Additionally to the basic components mentioned in Getting Started, all other components are explained in the following to get a better picture of SMAC. These components are all used to guide the optimization process and simple changes can influence the results drastically.

Before diving into the components, we shortly want to explain the main Bayesian optimization loop in SMAC. The SMBO receives all instantiated components from the facade and the logic happens here. In general, a while loop is used to ask for the next trial, submit it to the runner, and wait for the runner to finish the evaluation. Since the runner and the SMBO object are decoupled, the while loop continues and asks for even more trials, which also can be submitted to the runner. If the ask method (which is, by the way, processed by the intensifier) returns a wait flag, no further trials will be passed to the runner, and SMAC needs to wait until trials have been evaluated and told to the intensifier.
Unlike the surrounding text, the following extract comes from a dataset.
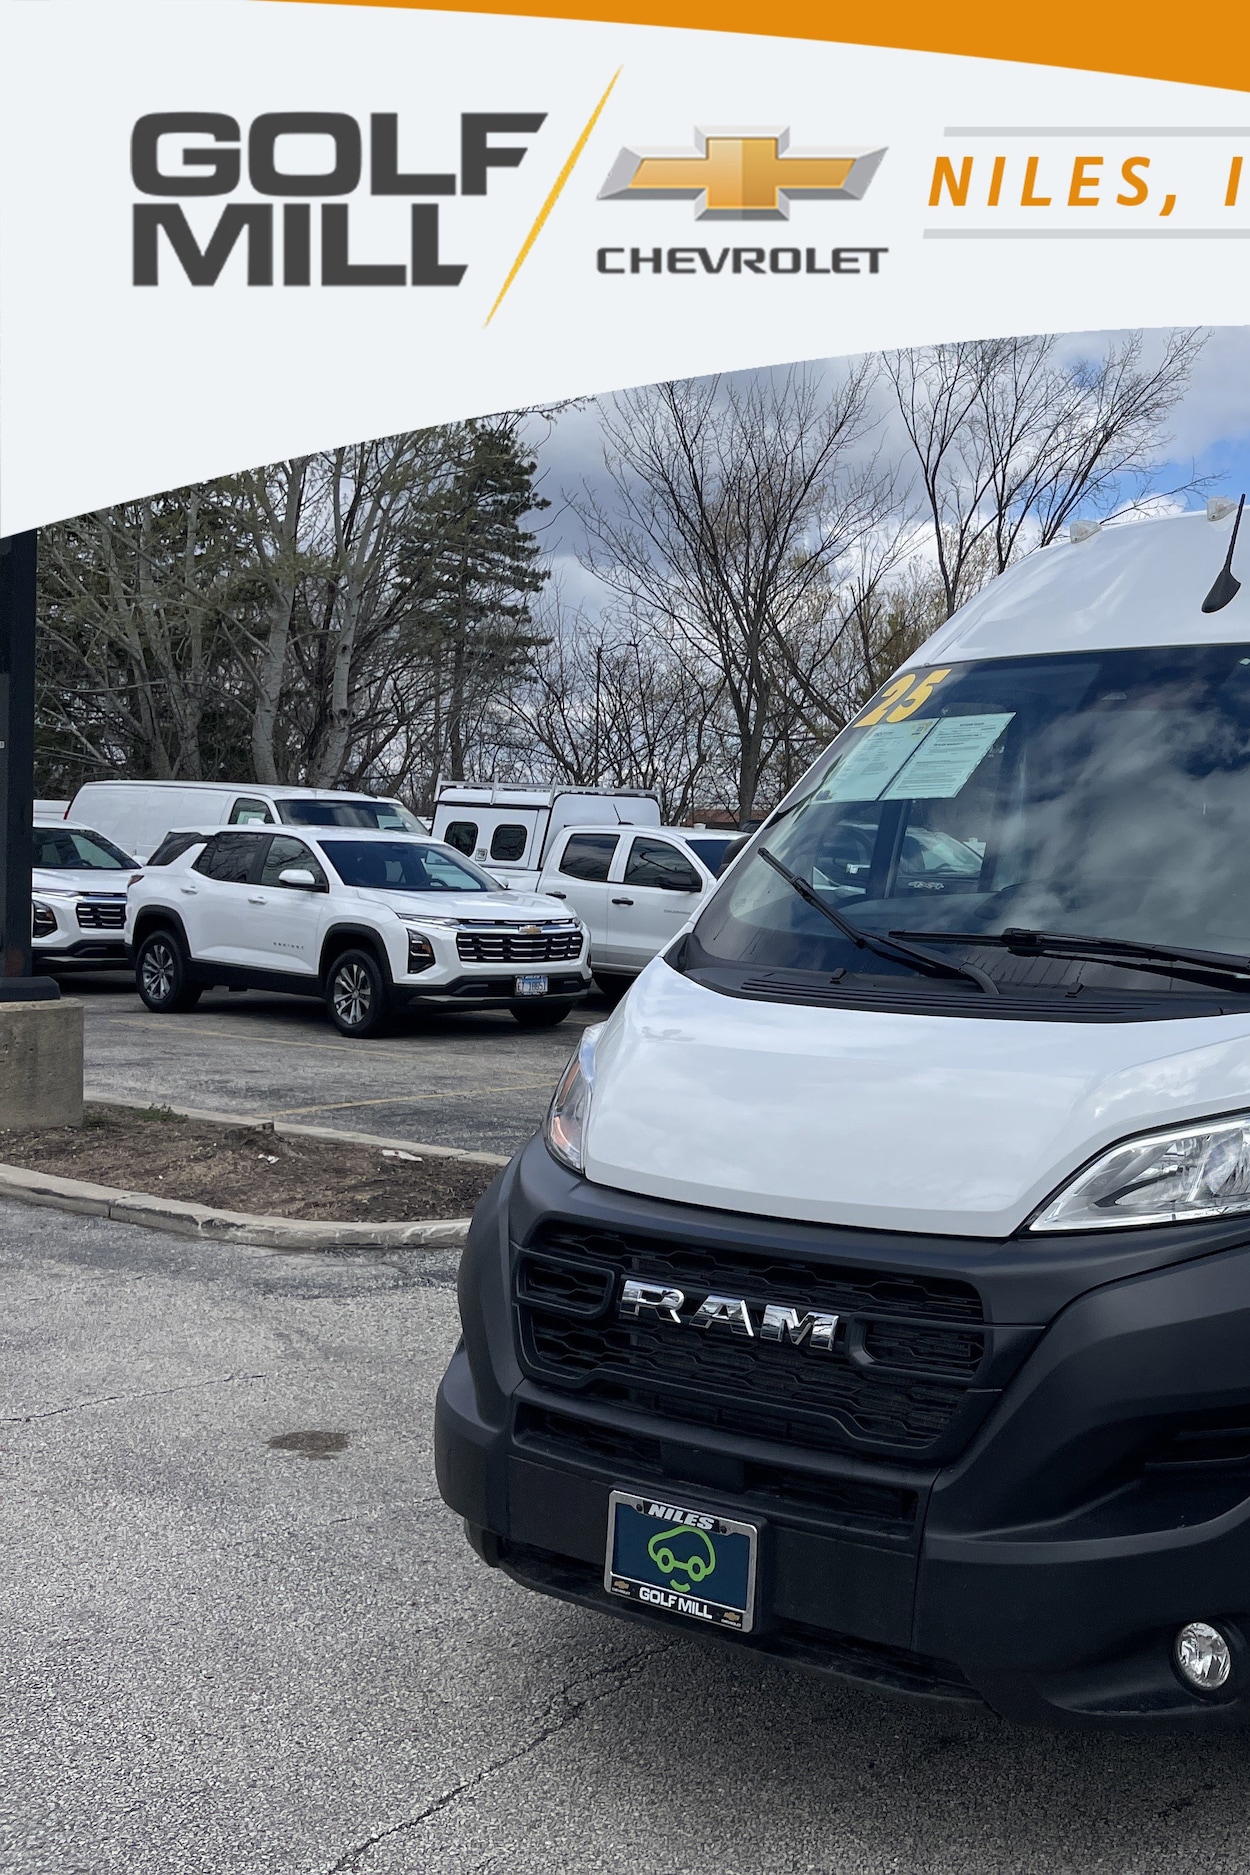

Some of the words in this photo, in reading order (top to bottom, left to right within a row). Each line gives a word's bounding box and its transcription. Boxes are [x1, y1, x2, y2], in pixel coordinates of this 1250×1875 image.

Also, the limitations like wallclock time and remaining trials are checked, and callbacks are called in the SMBO class.

Surrogate Model

The surrogate model is used to approximate the objective function of configurations. In previous versions, the model was referred to Empirical Performance Model (EPM). Mostly, Bayesian optimization is used/associated with Gaussian processes. However, SMAC incorporates random forests as surrogate models, which makes it possible to optimize for higher dimensional and complex spaces.

The data used to train the surrogate model is collected by the runhistory encoder from the runhistory. If budgets are involved, the highest budget which satisfies self._min_samples (defaults to 1) in smac.main.smbo is used. If no budgets are used, all observations are used.
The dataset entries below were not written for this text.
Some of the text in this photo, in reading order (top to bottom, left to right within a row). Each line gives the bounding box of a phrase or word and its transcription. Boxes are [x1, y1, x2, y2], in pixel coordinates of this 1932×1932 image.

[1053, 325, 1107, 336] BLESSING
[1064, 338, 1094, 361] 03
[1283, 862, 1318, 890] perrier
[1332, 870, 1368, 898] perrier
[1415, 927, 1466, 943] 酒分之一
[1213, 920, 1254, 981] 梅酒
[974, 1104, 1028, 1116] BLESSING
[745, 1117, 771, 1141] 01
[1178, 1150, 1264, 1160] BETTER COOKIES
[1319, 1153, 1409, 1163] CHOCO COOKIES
If you are using instances, it is recommended to use instance features. The model is trained on each instance associated with its features. Imagine you have two hyperparameters, two instances and no instance features, the model would be trained on:

HP 1

HP 2

Objective Value

0.1

0.8

0.5

0.1

0.8

0.75

505

7

2.4

505

7

1.3

You can see that the same inputs lead to different objective values because of two instances. If you associate each instance with a feature, you would end-up with the following data points:

HP 1

HP 2

Instance Feature

Objective Value

0.1

0.8

0

0.5

0.1

0.8

1

0.75

505

7

0

2.4

505

7

1

1.3

Let me explain how the data are received in detail:

  • Intensifier requests new configurations via get_next_configurations by smac.main.smbo.

  • SMBO collects the data via the runhistory encoder which iterates over the runhistory trials.

  • The runhistory encoder only collects trials which are in considered_states and timeout trials. Also, only the highest budget is considered if budgets are used. In this step, multi-objective values are scalarized using the normalize_costs function (uses objective_bounds from the runhistory) and the multi-objective algorithm.

  • In the next step, the selected trial objectives are transformed (e.g., log-transformed, depending on the selected encoder).

  • The hyperparameters might still have inactive values. The model takes care of that after the collected data are passed from the SMBO object to the model.

Acquisition Function

Acquisition functions are mathematical techniques that guide how the parameter space should be explored during Bayesian optimization. They use the predicted mean and predicted variance generated by the surrogate model.

The acquisition function is used by the acquisition maximizer (see next section). Otherwise, SMAC provides a bunch of different acquisition functions (Lower Confidence Bound, Expected Improvement, Probability Improvement, Thompson, integrated acquisition functions and prior acquisition functions). We refer to literature for more information about acquisition functions.

Note

The acquisition function calculates the acquisition value for each configuration. However, the configurations are provided by the acquisition maximizer. Therefore, the acquisition maximizer is responsible for receiving the next configurations.

Acquisition Maximizer

The acquisition maximizer is a wrapper upon the acquisition function and returns the next configurations. SMAC supports local search, (sorted) random search, local and (sorted) random search, and differential evolution. While local search checks neighbours of the best configurations, random search makes sure to explore the configuration space. When using sorted random search, random configurations are sorted by the value of the acquisition function.

Warning

Pay attention to the number of challengers: If you experience RAM issues or long computational times in the acquisition function, you might lower the number of challengers.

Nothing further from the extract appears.